-- AVAILABLE RECORDS follows --

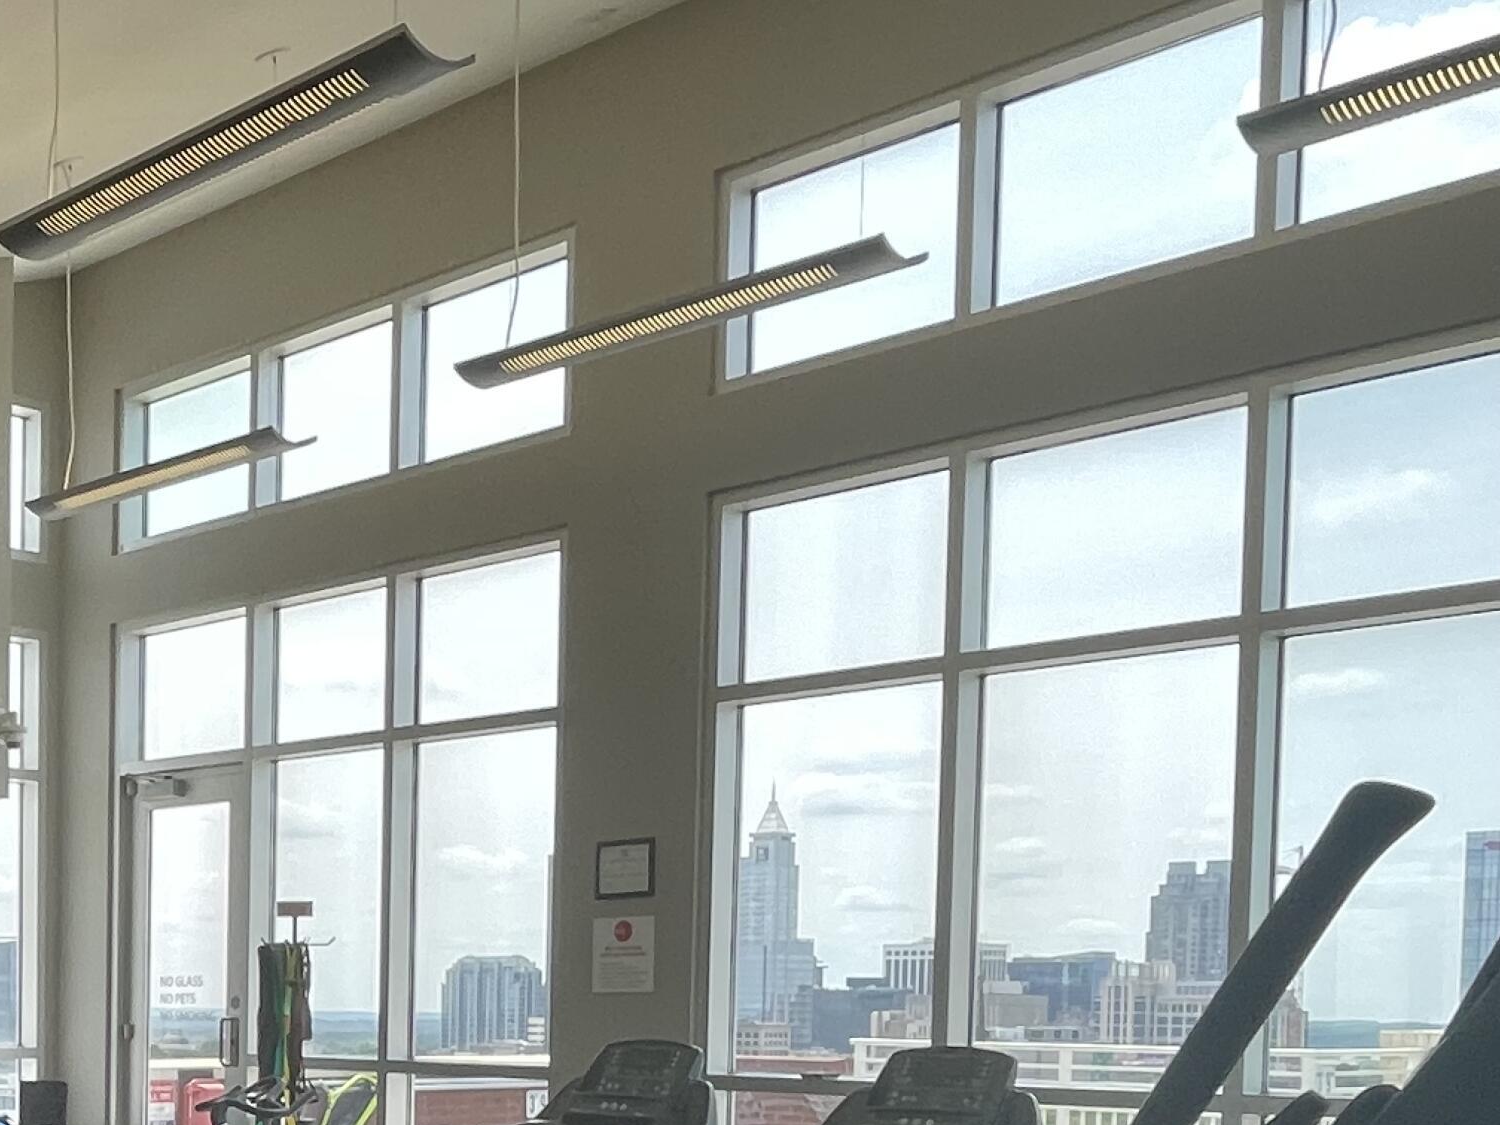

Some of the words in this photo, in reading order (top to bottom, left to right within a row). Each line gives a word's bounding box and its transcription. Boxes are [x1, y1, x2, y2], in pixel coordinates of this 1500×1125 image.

[159, 975, 173, 987] NO
[174, 975, 204, 988] GLASS
[160, 993, 174, 1005] NO
[175, 992, 197, 1005] PETS
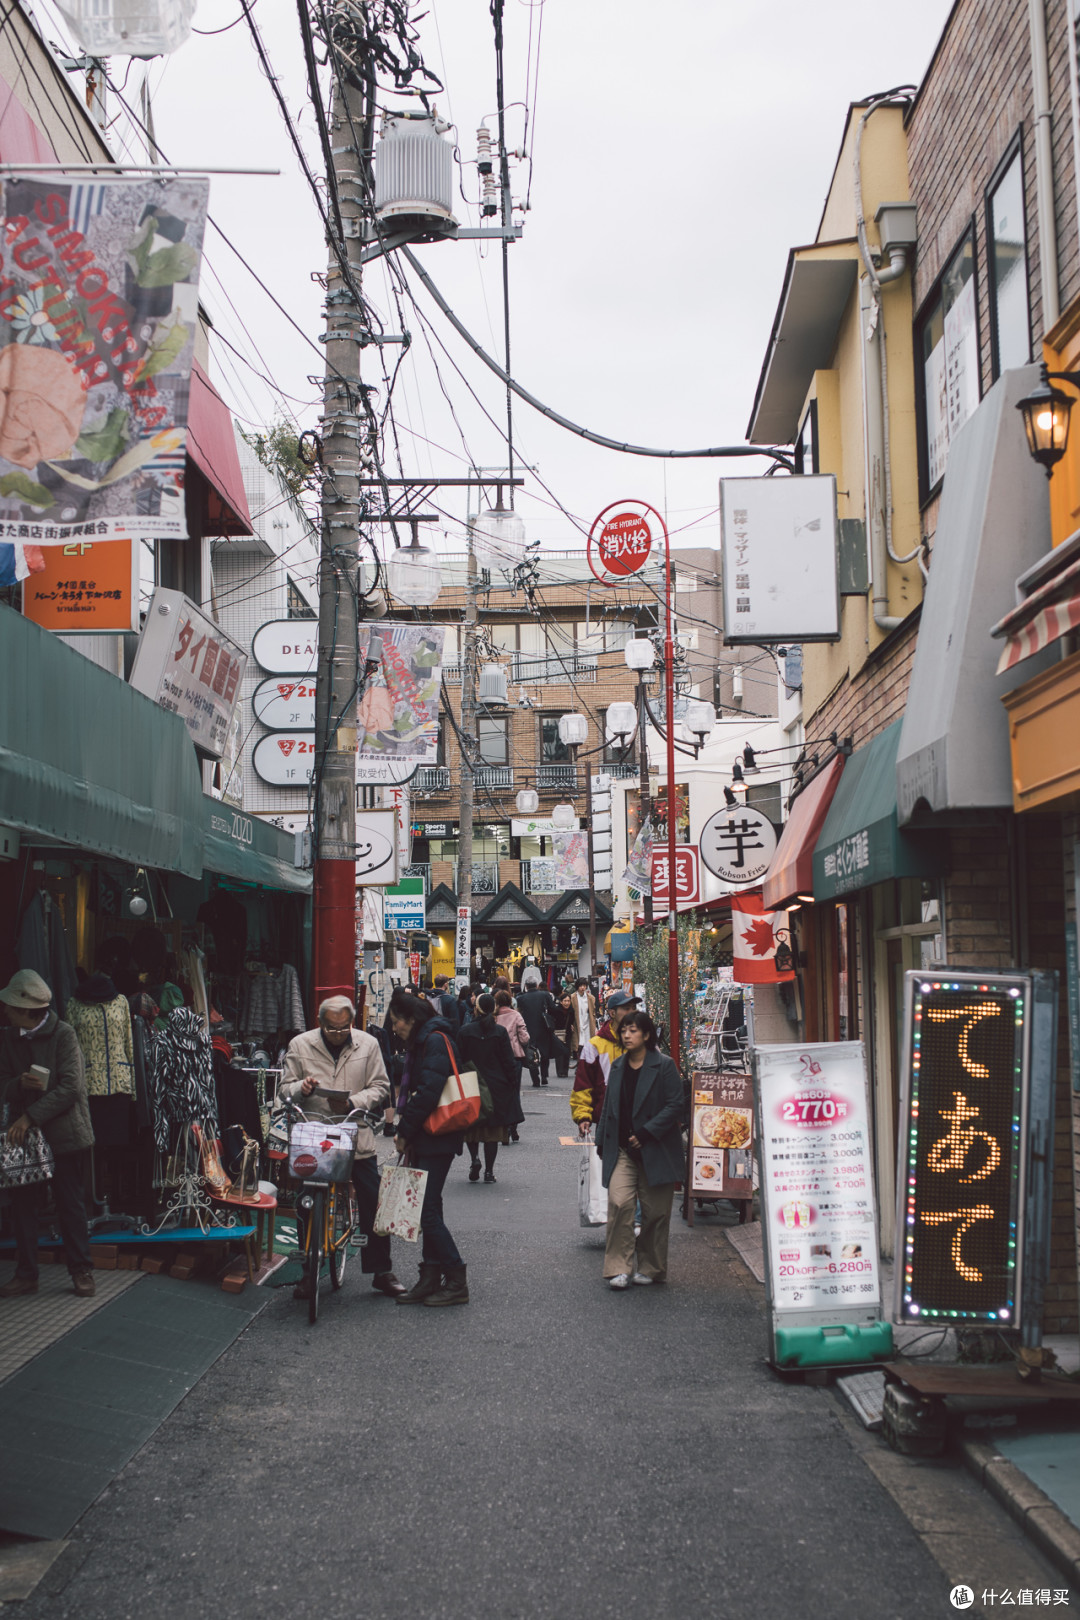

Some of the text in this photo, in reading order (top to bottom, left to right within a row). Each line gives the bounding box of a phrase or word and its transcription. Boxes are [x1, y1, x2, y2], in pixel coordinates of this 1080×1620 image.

[4, 215, 110, 391] AUTUMN
[606, 518, 643, 530] FIRE HYDRANT
[603, 529, 648, 559] 消火栓
[289, 714, 300, 723] 2F
[286, 769, 296, 778] 1F
[714, 819, 765, 868] 芋
[653, 857, 689, 892] 薬
[717, 864, 766, 879] Robson Fries
[385, 901, 422, 909] FamilyMart
[401, 920, 420, 928] たばこ
[700, 1078, 748, 1089] フライドポテト
[720, 1090, 745, 1100] 専門店
[921, 1002, 1001, 1281] てあて
[793, 1291, 804, 1301] 2F

-- AVAILABLE RECORDS concluded --

→ **TASK ITEM**: Write out each entry exactly as given, omitting any picture.

→ **SOLUTION TO THIS PROBLEM**:
Some of the words in this photo, in reading order (top to bottom, left to right within a row). Each line gives a word's bounding box and its transcription. Boxes are [x1, y1, x2, y2], in pixel coordinates of this 1500×1125 image.

[159, 975, 173, 987] NO
[174, 975, 204, 988] GLASS
[160, 993, 174, 1005] NO
[175, 992, 197, 1005] PETS

Some of the text in this photo, in reading order (top to bottom, left to right within a row). Each line gives the bounding box of a phrase or word and its transcription. Boxes are [x1, y1, x2, y2], in pixel coordinates of this 1080×1620 image.

[4, 215, 110, 391] AUTUMN
[606, 518, 643, 530] FIRE HYDRANT
[603, 529, 648, 559] 消火栓
[289, 714, 300, 723] 2F
[286, 769, 296, 778] 1F
[714, 819, 765, 868] 芋
[653, 857, 689, 892] 薬
[717, 864, 766, 879] Robson Fries
[385, 901, 422, 909] FamilyMart
[401, 920, 420, 928] たばこ
[700, 1078, 748, 1089] フライドポテト
[720, 1090, 745, 1100] 専門店
[921, 1002, 1001, 1281] てあて
[793, 1291, 804, 1301] 2F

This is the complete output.